İçindekiler:
Sosyologlar, mahkumların sayısındaki keskin artış ve cezaevlerinde aşırı kalabalık olması nedeniyle 1950'lerde cezaevi koşulları konusunda endişelendiler. Bir grup mahk Louisianam, Louisiana cezaevindeki koşulları protesto etmek için tendonlarını kestikten sonra, reformcular koşulları nasıl iyileştireceğini düşünerek ciddi bir şekilde başladı. 2011'deki hapishaneler aynı sorunlardan bazılarına maruz kalmaktadır, ancak artık mahkumlar cezaevindeyken işler için eğitilmekte ve yaşam alanları daha sağlıklı olmaktadır.
Cezaevi Nüfusu
1950'lerde federal hapishanede 23.000, eyalet hapishanesinde 186.000 kişi vardı. Bu nedenle Amerikalılar bu on yıl boyunca cezaevindeki insan sayısı ve görünüşte üssel olarak suç artışı konusunda endişeliydiler. Bu sayı son 60 yılda artmıştır; 2011 yılı itibariyle federal cezaevinde 208.118 kişi ve devlet cezaevinde yaklaşık 1.4 milyon kişi bulunuyor.
Rehabilitasyon
1950'lerde cezaevleri çoğunlukla rehabilitasyona odaklanmamıştı. Hapishane bir ceza olarak görülüyordu ve potansiyel suçluların yasadışı eylemlerde bulunmasını engellemek için tasarlandı. Ayrıca, işletme sahipleri mahkumlara meslek becerilerini öğretmeye karşı çıktı çünkü mahkumların hapishane olmayan nüfustan işleri alacağından korkuyorlardı. Buna karşılık, 2011'deki birçok prion mahpusların üretken aktivite bulmalarına yardımcı olmak için iş becerileri ve eğitim programları sunmaktadır.
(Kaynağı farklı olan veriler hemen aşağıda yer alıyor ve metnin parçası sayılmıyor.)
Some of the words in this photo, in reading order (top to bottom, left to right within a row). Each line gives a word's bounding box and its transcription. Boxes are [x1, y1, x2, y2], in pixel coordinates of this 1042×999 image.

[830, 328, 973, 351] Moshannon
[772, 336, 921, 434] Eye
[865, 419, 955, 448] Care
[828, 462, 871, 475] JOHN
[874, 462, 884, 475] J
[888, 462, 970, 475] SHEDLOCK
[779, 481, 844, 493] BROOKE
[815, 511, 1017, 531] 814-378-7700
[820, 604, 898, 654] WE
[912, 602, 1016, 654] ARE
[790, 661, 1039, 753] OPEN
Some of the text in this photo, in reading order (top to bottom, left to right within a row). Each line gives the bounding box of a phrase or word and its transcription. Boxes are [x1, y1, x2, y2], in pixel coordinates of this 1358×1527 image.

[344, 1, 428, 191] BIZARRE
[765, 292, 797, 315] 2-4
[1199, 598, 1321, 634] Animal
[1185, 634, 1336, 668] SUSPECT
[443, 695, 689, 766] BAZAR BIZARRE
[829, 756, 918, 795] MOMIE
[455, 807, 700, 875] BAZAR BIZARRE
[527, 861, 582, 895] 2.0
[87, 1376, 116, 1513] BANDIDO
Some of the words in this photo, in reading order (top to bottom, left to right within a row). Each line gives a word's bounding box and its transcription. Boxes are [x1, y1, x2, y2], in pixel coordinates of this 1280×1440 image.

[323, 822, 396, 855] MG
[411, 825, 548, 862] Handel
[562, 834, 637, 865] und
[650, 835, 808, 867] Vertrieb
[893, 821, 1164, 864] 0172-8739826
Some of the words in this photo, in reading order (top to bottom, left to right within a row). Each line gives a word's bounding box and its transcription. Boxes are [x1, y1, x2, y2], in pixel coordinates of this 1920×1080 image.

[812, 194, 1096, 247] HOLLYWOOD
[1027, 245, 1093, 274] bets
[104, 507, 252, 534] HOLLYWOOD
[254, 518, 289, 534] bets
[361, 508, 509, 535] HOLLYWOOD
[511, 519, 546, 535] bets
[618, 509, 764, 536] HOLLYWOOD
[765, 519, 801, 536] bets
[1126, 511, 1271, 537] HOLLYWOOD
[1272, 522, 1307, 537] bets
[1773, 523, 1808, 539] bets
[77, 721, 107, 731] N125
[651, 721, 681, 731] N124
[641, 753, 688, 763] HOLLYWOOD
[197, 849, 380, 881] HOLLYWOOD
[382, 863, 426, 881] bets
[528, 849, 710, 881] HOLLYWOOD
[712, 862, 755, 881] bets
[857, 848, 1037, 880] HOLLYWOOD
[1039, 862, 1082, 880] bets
yeniden suç işleme eğilimi
1950'lerde, suçluların yaklaşık yüzde 60'ı hapisten çıktıktan sonra suçlarını tekrar etmeye devam etti. Encylopedia.com, şartlı tahliye ile ilgili herhangi bir organize kural olmadığını bildirmiştir; sık sık, şiddet içermeyen suçlular hapis cezasına çarptırılırken, şiddet içermeyen suçlular tüm cezaları nedeniyle hapiste kaldı. Uyuşturucu ve diğer şiddet içermeyen suçlulara sahip olan insanlar cezaevi nüfusunun büyük bir bölümünü oluşturduğundan, bu sorun bugün devam etmektedir.
Cezaevi Koşulları
1950'lerde cezaevlerinde sık sık yoğun kalabalıklaşma yaşandı. Hapishane hücreleri, bir ya da iki mahk housema ev sahipliği yapmak istiyordu; çoğunlukla dört ya da daha fazla mahkum içeriyordu. Sonuç olarak, mahkumlar tuvaletleri yeterince paylaşamadılar ve toprakta ve içlerinde yaşadılar; ek olarak, gardiyanlar tarafından dövülmekle birlikte sıklıkla birbirleriyle şiddetle savaştılar. Bu koşullar iyileşmiş olsa da, 2011 yılında devlet cezaevlerinde aşırı kalabalık olması hâlâ endişe vericidir.